Interestingly, the provincial government started a consultation process to “inform the Provincial Aquaculture Strategy” on Monday. Here’s what the news release said: “Interested parties can submit feedback to the provincial government via the Department of Fisheries and Aquaculture website:
www.fishaq.gov.nl.ca. The site now includes a consultation web page that provides information about the consultation process, features a background document about the industry, and explains how to provide input electronically or via regular mail.”
The goal? To establish “what must be done to continue fostering the success of aquaculture in Newfoundland and Labrador.” The plan does include consideration of bay management plans, but that’s about as close as the government ever gets to talking about now-regular and expensive ISA problems.

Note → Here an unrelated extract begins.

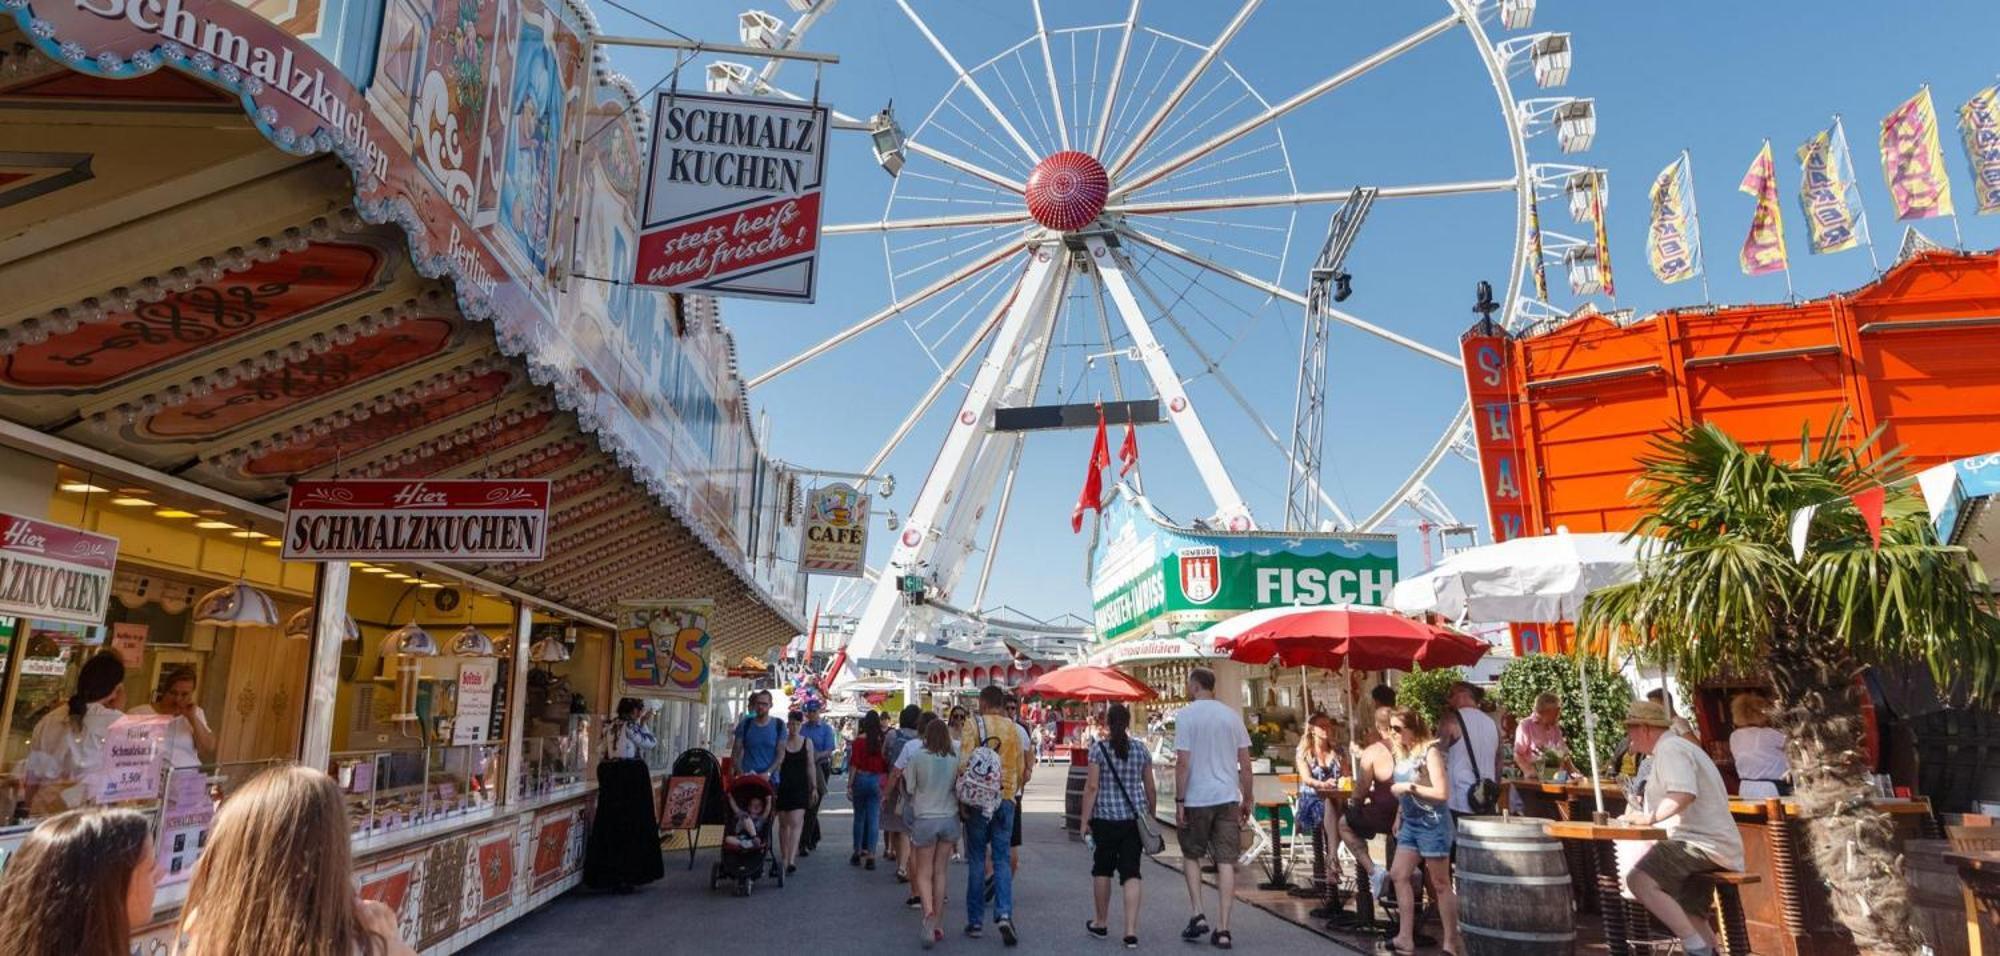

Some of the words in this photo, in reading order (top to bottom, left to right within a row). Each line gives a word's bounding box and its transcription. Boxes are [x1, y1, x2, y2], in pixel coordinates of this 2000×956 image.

We’ll save you the trouble of going to the site: except for one single mention of the words “disease management,” fish health problems aren’t mentioned. There is not one mention of ISA or any other disease.
Nor is there any mention of the taxpayer support that goes into the industry through payment for diseased and destroyed fish.
Yet, the documents state; “This document is designed to stimulate public feedback by highlighting industry accomplishments and identifying strategic issues relevant to the continued sustainable development of aquaculture in Newfoundland and Labrador.”
Here’s a simple fact: the amount of compensation being paid to the industry should be front and centre when the merits of the business are being weighed and input is being requested. Leaving it out will only create an artificial impression.